§ **WHAT THE EXERCISE ASKS**: Word for word, write out all of the entries that follow.

[Phrase grounding data]
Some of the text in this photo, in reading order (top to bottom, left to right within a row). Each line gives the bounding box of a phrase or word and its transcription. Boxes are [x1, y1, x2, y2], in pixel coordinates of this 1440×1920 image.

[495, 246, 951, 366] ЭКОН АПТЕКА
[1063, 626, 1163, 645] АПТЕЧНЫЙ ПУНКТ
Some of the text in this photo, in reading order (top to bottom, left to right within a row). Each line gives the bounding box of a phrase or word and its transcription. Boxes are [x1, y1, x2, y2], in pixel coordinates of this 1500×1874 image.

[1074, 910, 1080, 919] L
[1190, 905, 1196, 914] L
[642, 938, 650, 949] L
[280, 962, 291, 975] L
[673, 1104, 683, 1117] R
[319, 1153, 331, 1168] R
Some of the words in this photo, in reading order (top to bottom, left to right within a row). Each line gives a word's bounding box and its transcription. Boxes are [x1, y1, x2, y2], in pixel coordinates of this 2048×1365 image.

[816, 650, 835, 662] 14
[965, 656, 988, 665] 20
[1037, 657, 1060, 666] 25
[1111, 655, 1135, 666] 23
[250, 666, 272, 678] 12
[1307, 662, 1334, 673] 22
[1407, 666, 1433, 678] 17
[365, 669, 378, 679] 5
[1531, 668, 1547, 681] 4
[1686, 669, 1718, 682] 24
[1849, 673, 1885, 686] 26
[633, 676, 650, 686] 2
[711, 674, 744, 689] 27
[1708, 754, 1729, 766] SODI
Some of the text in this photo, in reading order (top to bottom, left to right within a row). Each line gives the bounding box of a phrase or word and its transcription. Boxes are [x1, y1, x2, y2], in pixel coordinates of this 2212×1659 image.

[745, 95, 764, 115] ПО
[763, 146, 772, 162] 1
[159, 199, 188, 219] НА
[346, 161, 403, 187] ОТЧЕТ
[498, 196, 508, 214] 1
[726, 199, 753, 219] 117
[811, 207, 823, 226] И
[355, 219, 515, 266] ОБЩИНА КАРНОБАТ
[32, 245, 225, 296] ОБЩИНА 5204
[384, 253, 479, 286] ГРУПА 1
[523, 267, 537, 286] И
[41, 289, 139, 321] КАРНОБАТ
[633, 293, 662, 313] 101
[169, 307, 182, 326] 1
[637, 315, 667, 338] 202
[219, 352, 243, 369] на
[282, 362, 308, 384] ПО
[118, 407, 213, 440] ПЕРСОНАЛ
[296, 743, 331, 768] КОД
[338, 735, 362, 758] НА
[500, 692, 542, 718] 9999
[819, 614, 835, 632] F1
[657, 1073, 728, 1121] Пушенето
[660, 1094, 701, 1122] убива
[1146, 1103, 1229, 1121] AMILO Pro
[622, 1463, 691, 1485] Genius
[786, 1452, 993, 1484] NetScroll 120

§ **ANSWER SECTION**:
Some of the text in this photo, in reading order (top to bottom, left to right within a row). Each line gives the bounding box of a phrase or word and its transcription. Boxes are [x1, y1, x2, y2], in pixel coordinates of this 1440×1920 image.

[495, 246, 951, 366] ЭКОН АПТЕКА
[1063, 626, 1163, 645] АПТЕЧНЫЙ ПУНКТ
Some of the text in this photo, in reading order (top to bottom, left to right within a row). Each line gives the bounding box of a phrase or word and its transcription. Boxes are [x1, y1, x2, y2], in pixel coordinates of this 1500×1874 image.

[1074, 910, 1080, 919] L
[1190, 905, 1196, 914] L
[642, 938, 650, 949] L
[280, 962, 291, 975] L
[673, 1104, 683, 1117] R
[319, 1153, 331, 1168] R
Some of the words in this photo, in reading order (top to bottom, left to right within a row). Each line gives a word's bounding box and its transcription. Boxes are [x1, y1, x2, y2], in pixel coordinates of this 2048×1365 image.

[816, 650, 835, 662] 14
[965, 656, 988, 665] 20
[1037, 657, 1060, 666] 25
[1111, 655, 1135, 666] 23
[250, 666, 272, 678] 12
[1307, 662, 1334, 673] 22
[1407, 666, 1433, 678] 17
[365, 669, 378, 679] 5
[1531, 668, 1547, 681] 4
[1686, 669, 1718, 682] 24
[1849, 673, 1885, 686] 26
[633, 676, 650, 686] 2
[711, 674, 744, 689] 27
[1708, 754, 1729, 766] SODI
Some of the text in this photo, in reading order (top to bottom, left to right within a row). Each line gives the bounding box of a phrase or word and its transcription. Boxes are [x1, y1, x2, y2], in pixel coordinates of this 2212×1659 image.

[745, 95, 764, 115] ПО
[763, 146, 772, 162] 1
[159, 199, 188, 219] НА
[346, 161, 403, 187] ОТЧЕТ
[498, 196, 508, 214] 1
[726, 199, 753, 219] 117
[811, 207, 823, 226] И
[355, 219, 515, 266] ОБЩИНА КАРНОБАТ
[32, 245, 225, 296] ОБЩИНА 5204
[384, 253, 479, 286] ГРУПА 1
[523, 267, 537, 286] И
[41, 289, 139, 321] КАРНОБАТ
[633, 293, 662, 313] 101
[169, 307, 182, 326] 1
[637, 315, 667, 338] 202
[219, 352, 243, 369] на
[282, 362, 308, 384] ПО
[118, 407, 213, 440] ПЕРСОНАЛ
[296, 743, 331, 768] КОД
[338, 735, 362, 758] НА
[500, 692, 542, 718] 9999
[819, 614, 835, 632] F1
[657, 1073, 728, 1121] Пушенето
[660, 1094, 701, 1122] убива
[1146, 1103, 1229, 1121] AMILO Pro
[622, 1463, 691, 1485] Genius
[786, 1452, 993, 1484] NetScroll 120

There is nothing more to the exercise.